Volumetric Grids (VolGrids)

VolGrids is a framework for volumetric calculations, with emphasis in biological molecular systems. The following applications are provided:

You can read more in their respective sections.

QuickStart

pip install volgrids
volgrids --help

Without installing the package

git clone https://github.com/DiegoBarMor/volgrids
cd volgrids
pip install -r requirements.txt
bash scripts/_prepare.sh # fetch vendors that are packed only in the pip distribution
python3 volgrids --help

Setup

Requirements

Hard requirements

  • Grid operations are based on NumPy arrays.
  • Molecular structures and trajectories data are parsed by MDAnalysis.
  • CMAP files are parsed by h5py.

Optional requirements

  • [APBS]: Follow the instructions from here.
  • rnapolis (pip install rnapolis) for running the volgrids smutils resids_nonbp utility.
  • freyacli (pip install freyacli) for CLI management
    • included as vendor in volgrid's pip distribution. If you don't want to use pip, it will be fetched automatically the first time you run volgrids. Alternatively, run bash volgrids/_prepare.sh in your local volgrids copy to fetch the vendor packages manually.

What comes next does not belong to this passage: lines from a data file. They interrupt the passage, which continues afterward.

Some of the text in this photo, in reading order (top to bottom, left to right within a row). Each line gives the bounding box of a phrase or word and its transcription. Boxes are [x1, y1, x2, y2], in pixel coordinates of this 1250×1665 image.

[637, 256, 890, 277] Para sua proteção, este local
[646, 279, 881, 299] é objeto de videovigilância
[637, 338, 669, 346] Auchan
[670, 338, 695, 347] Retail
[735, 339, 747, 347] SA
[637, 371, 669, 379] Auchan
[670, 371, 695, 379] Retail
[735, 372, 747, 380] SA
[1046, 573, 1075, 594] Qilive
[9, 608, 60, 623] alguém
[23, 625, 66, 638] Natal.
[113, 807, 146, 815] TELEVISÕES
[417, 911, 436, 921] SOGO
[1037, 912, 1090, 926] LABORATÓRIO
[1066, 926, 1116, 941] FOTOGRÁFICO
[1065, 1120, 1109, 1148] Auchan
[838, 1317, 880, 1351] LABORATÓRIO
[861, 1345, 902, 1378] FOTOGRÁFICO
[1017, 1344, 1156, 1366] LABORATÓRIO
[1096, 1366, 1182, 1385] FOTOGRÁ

Option 1: Setting up a Conda environment

Automatic

conda env create -f environment.yml
conda activate volgrids

Manual

conda create --name volgrids -y
conda activate volgrids
conda install python -y
conda install -c conda-forge mdanalysis h5py -y

Option 2: Simple setup with PIP

Automatic

pip install -r requirements.txt

Manual

pip install mdanalysis h5py

Usage

Running the CLI utilities (without VolGrids installed)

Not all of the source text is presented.